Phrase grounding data

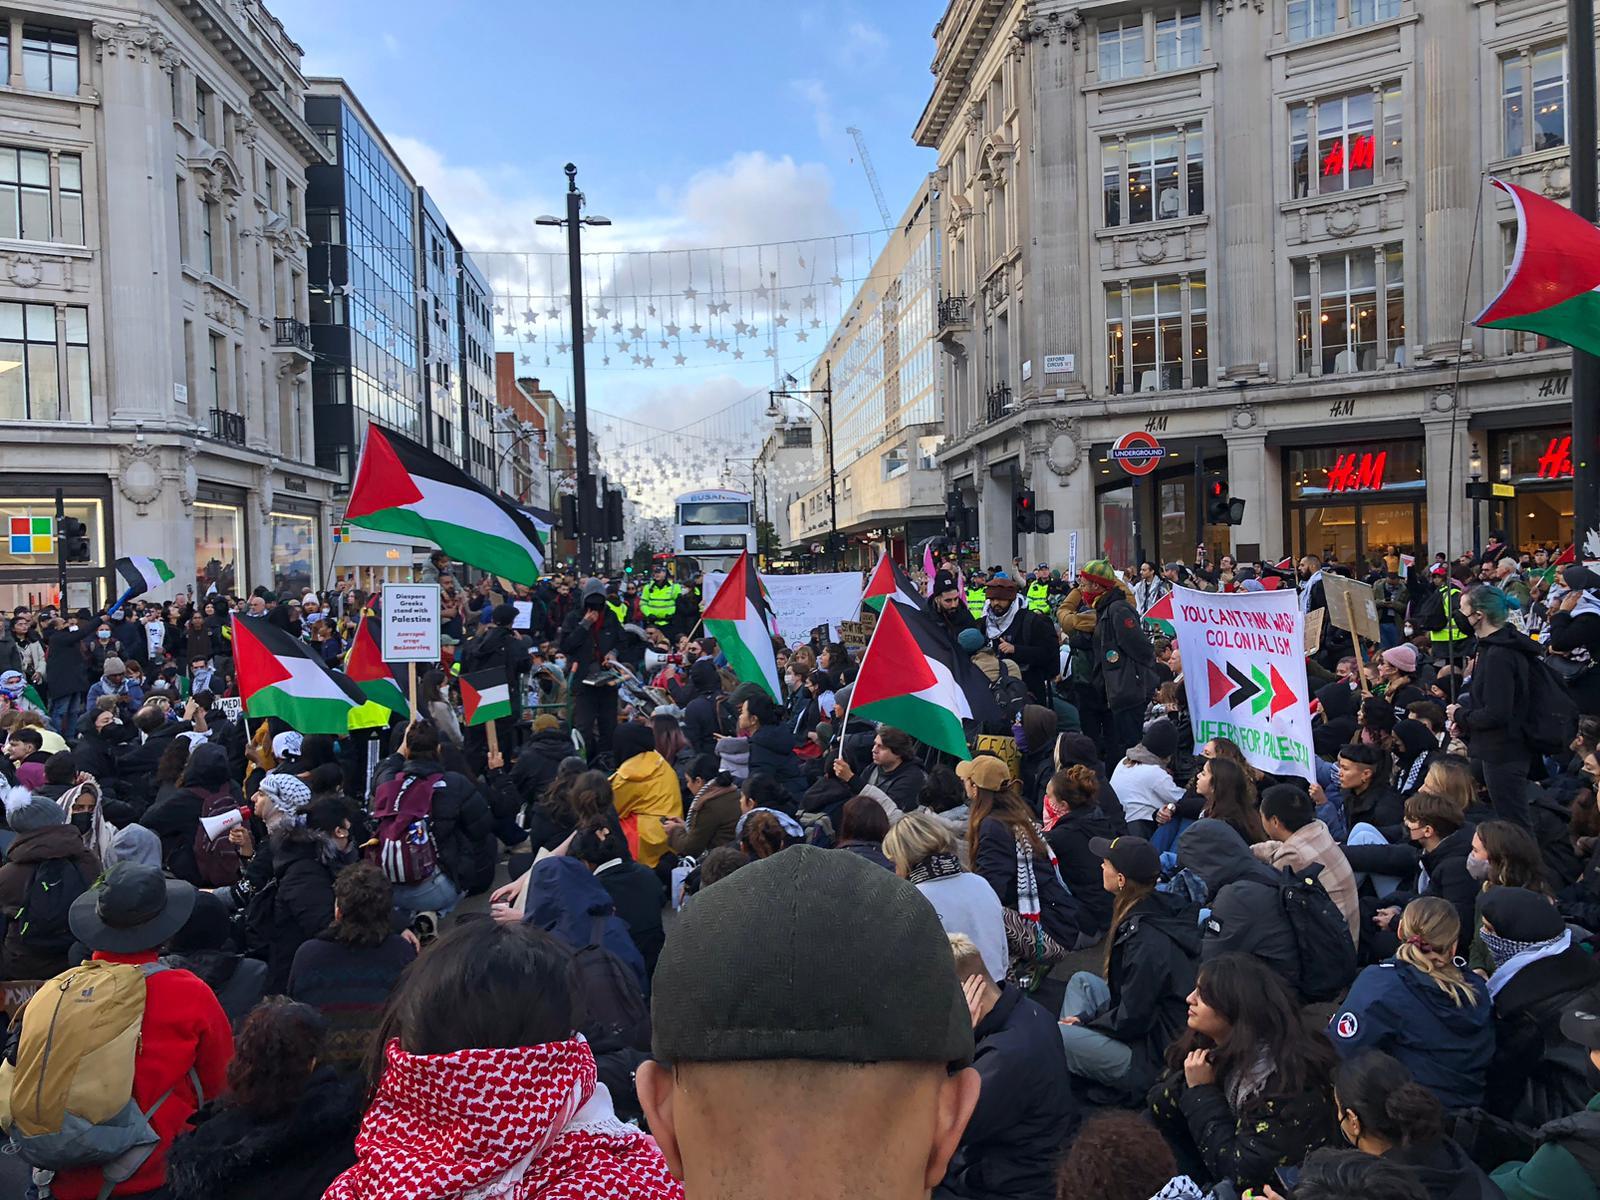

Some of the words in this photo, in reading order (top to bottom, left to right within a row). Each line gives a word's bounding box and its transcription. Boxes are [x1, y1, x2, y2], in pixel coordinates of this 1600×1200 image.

[1538, 377, 1568, 397] H&M
[1330, 400, 1355, 417] H&M
[1145, 416, 1168, 432] H&M
[1114, 449, 1163, 457] UNDERGROUND
[1328, 451, 1387, 494] H&M
[1181, 605, 1207, 624] YOU
[1206, 630, 1292, 656] COLONIALISM

| TRY IT |
Write out the records once more, word for word, though without the pictures they contain.

| RESPONSE AREA |
Some of the words in this photo, in reading order (top to bottom, left to right within a row). Each line gives a word's bounding box and its transcription. Boxes are [x1, y1, x2, y2], in pixel coordinates of this 1600×1200 image.

[1538, 377, 1568, 397] H&M
[1330, 400, 1355, 417] H&M
[1145, 416, 1168, 432] H&M
[1114, 449, 1163, 457] UNDERGROUND
[1328, 451, 1387, 494] H&M
[1181, 605, 1207, 624] YOU
[1206, 630, 1292, 656] COLONIALISM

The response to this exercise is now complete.